By Tim Devaney - 08/22/14 10:33 AM EDT
Monday's edition of the Federal Register contains new rules for explosives used at coal mine sites, the transportation of hazardous materials, apple exports to Canada and people who "unlock" or "jailbreak" their cellphones.
Here's what is happening:
Explosives: The Interior Department's Office of Surface Mining Reclamation and Enforcement (OSMRE) is delaying new rules for blasting operations at surface coal mine sites, the agency said Friday.
WildEarth Guardians argued such rules would protect the health and safety of not only the coal mine workers but also the surrounding public.
But OSMRE said Friday it is extending the comment period through Sept. 25 to give the public more time to consider the potential changes.
Hazardous materials: The Pipeline and Hazardous Materials Safety Administration (PHMSA) is considering new transportation regulations for hazardous materials to align U.S. rules with international standards, the agency announced Friday.
The rules would establish new hazard classes, air transport quantity limitations and ship stowage requirements, among other changes.

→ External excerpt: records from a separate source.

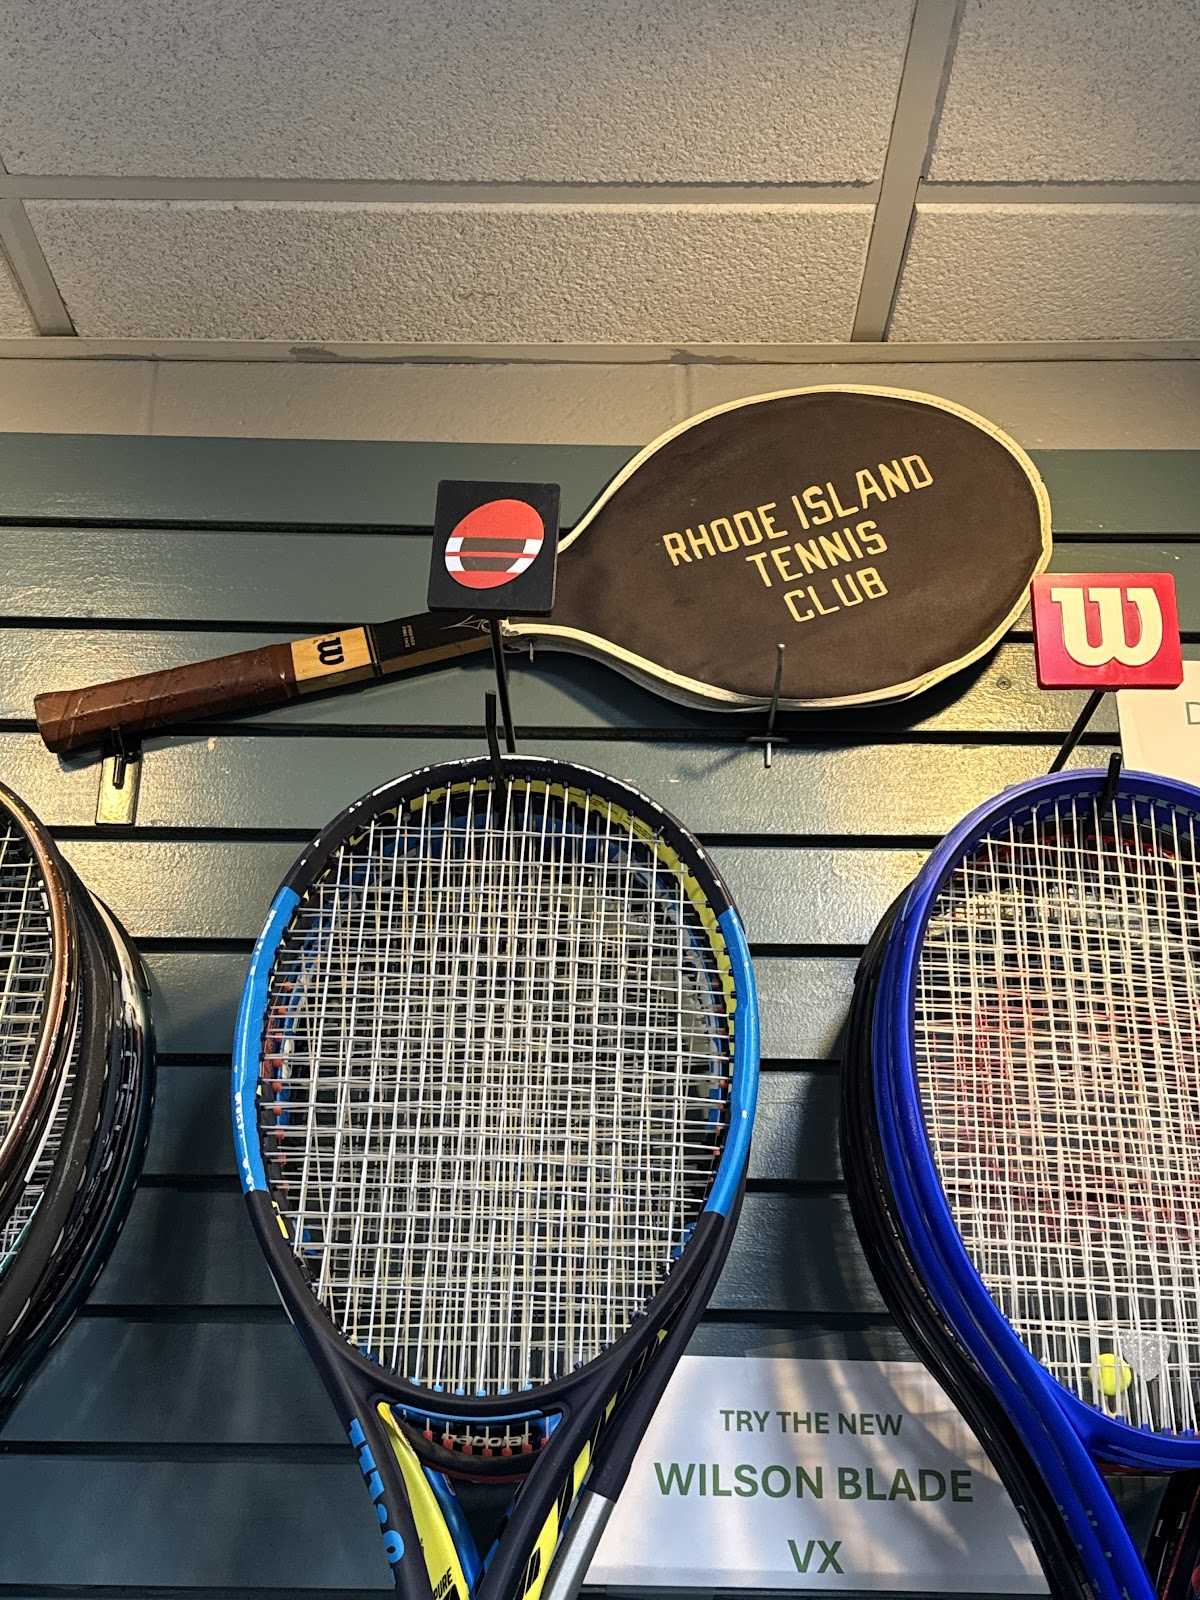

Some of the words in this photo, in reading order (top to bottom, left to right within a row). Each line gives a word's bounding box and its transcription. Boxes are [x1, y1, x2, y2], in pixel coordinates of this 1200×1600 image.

[662, 502, 789, 567] RHODE
[791, 454, 934, 530] ISLAND
[745, 520, 888, 588] TENNIS
[783, 566, 889, 623] CLUB
[1050, 587, 1163, 667] W
[719, 1409, 770, 1432] TRY
[776, 1411, 830, 1434] THE
[837, 1412, 903, 1436] NEW
[654, 1462, 823, 1499] WILSON
[837, 1467, 974, 1503] BLADE
[787, 1539, 846, 1574] VX
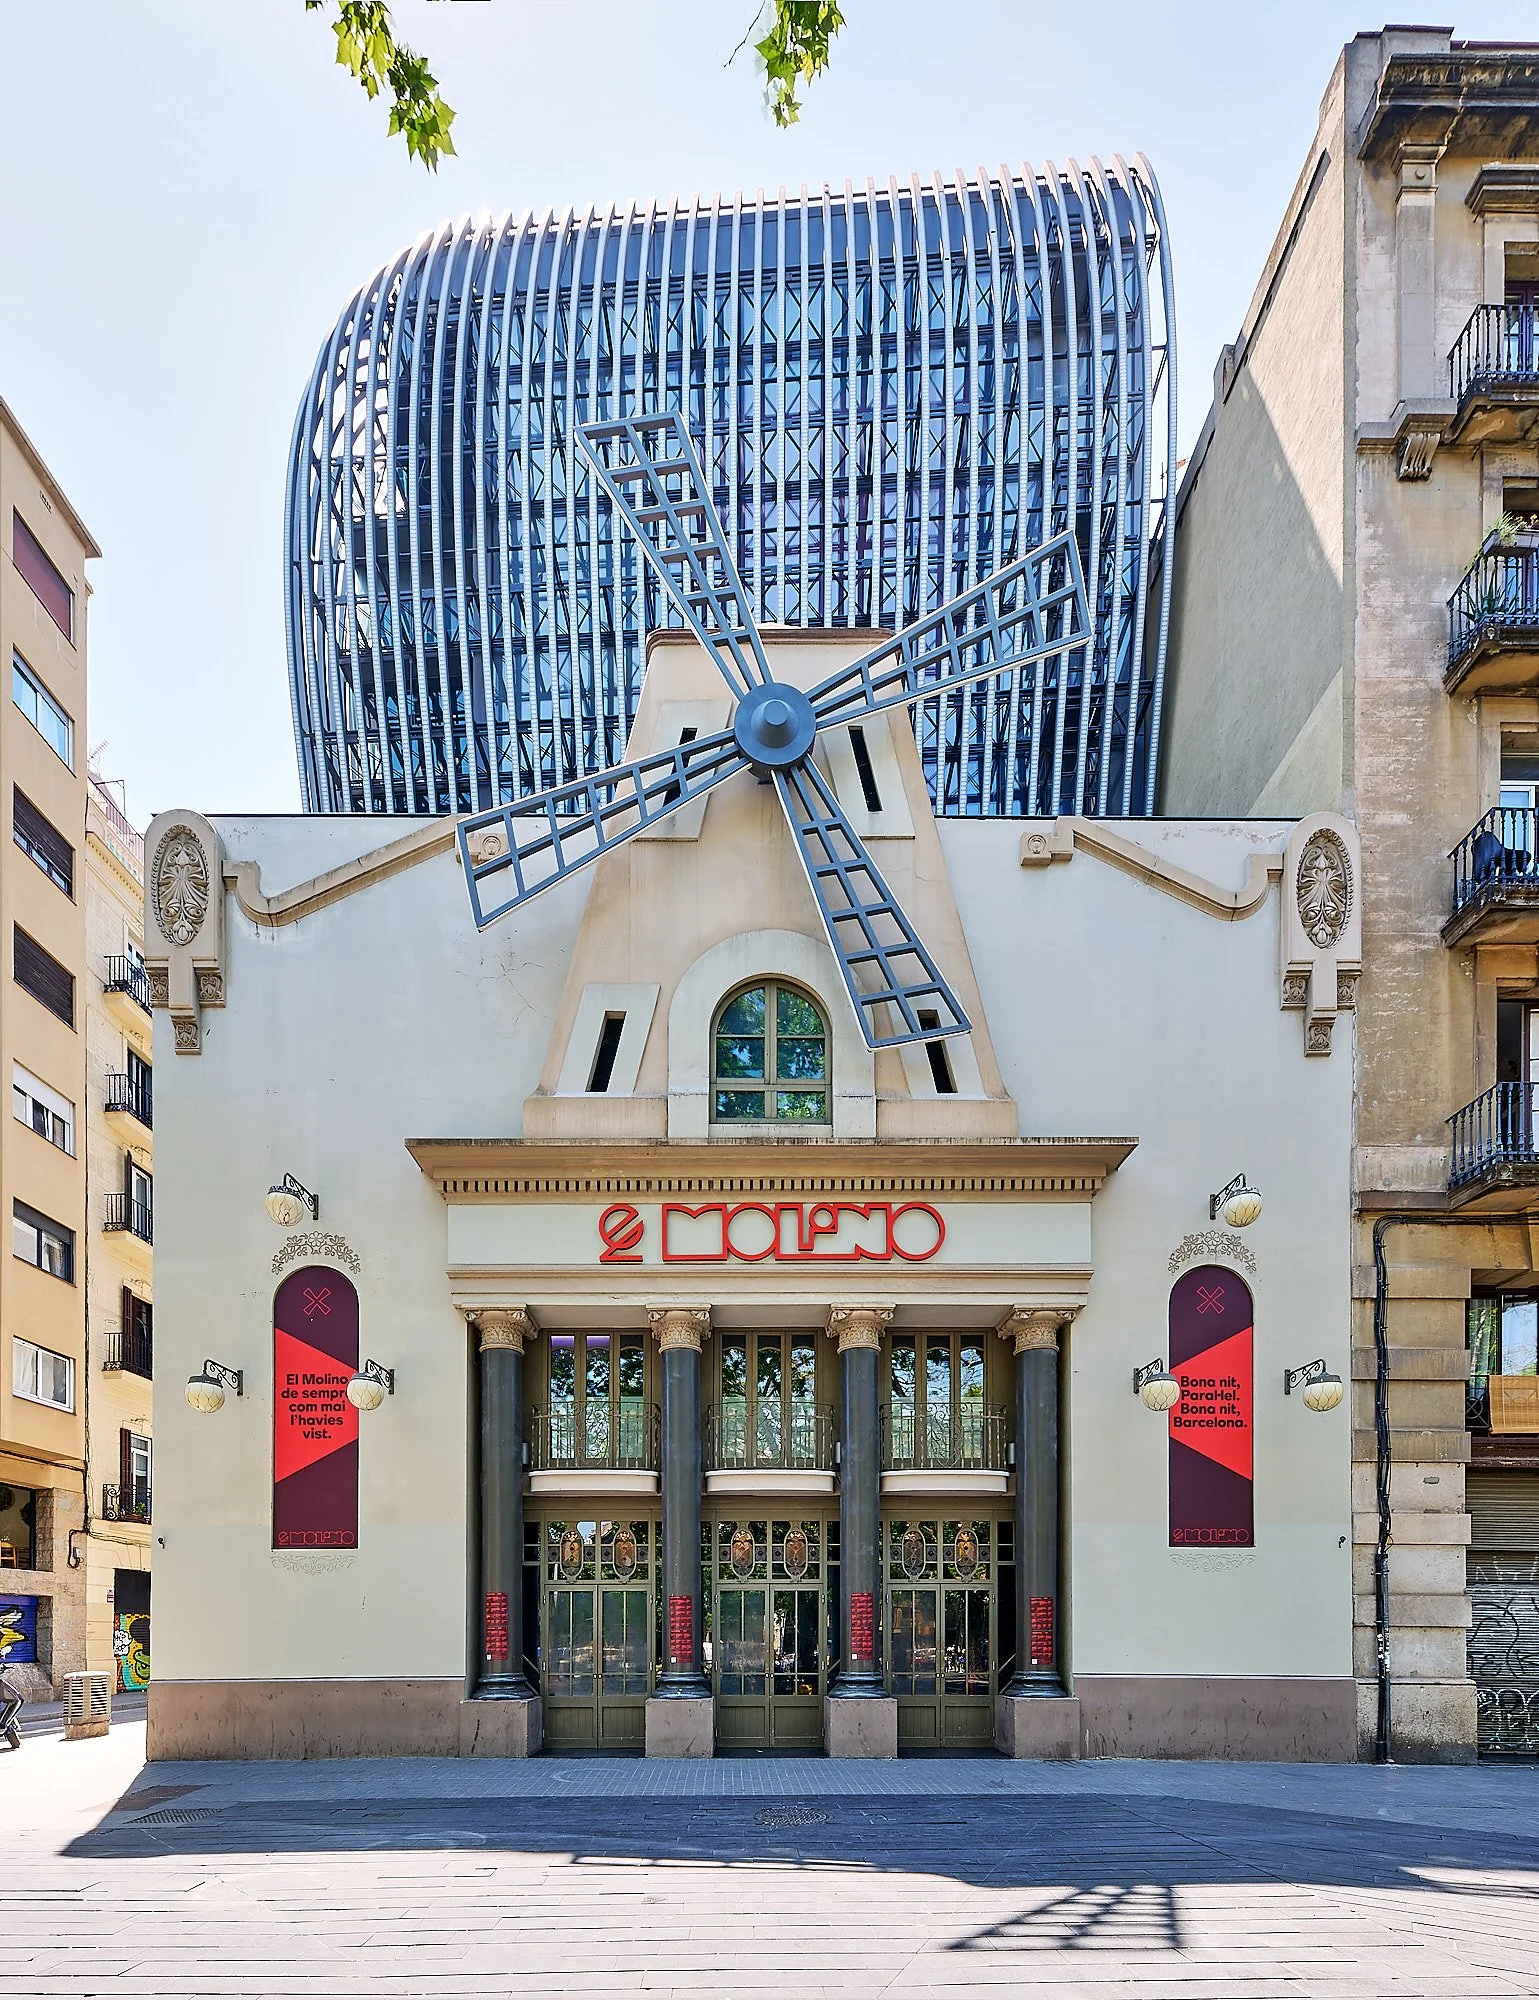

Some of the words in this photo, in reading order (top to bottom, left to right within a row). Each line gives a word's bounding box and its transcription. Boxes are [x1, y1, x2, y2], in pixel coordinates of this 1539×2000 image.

[286, 1374, 299, 1385] El
[302, 1373, 348, 1385] Molino
[1180, 1376, 1216, 1387] Bona
[1219, 1376, 1240, 1390] nit,
[281, 1388, 299, 1399] de
[301, 1389, 346, 1401] sempr
[288, 1403, 318, 1412] com
[320, 1400, 346, 1412] mai
[1180, 1403, 1216, 1415] Bona
[1219, 1403, 1240, 1417] nit,
[1173, 1416, 1247, 1428] Barcelona.
[302, 1428, 332, 1439] vist.

"Harmonization facilitates international trade by minimizing the costs and other burdens of complying with multiple or inconsistent safety requirements for transportation of hazardous materials to and from the United States," the PHMSA wrote.
The public has 60 days to comment.
Apples: The U.S. Department of Agriculture is moving forward with a new rule exempting large exports of apples to Canada from inspection requirements, the agency announced Friday.
The rule applies to apples shipped in bulk containers that weigh more than 100 pounds.
The final rule goes into effect next week.
Cellphones: The Library of Congress's Copyright Office is moving forward with a rule that protects people who unlock their cellphones.
The previous rules surrounding cellphone "unlocking" or "jailbreaking" were murky at best, with some rules leaving the door open for possible federal prosecution of people who circumvent their cellphones' control measures so they can use them on other networks.
But the Library of Congress is moving forward with a rule that clarifies this is not a crime.
The rule goes into effect immediately.
Medical devices: The Food and Drug Administration is correcting errors it made in regulations for medical devices.
The changes go into effect immediately.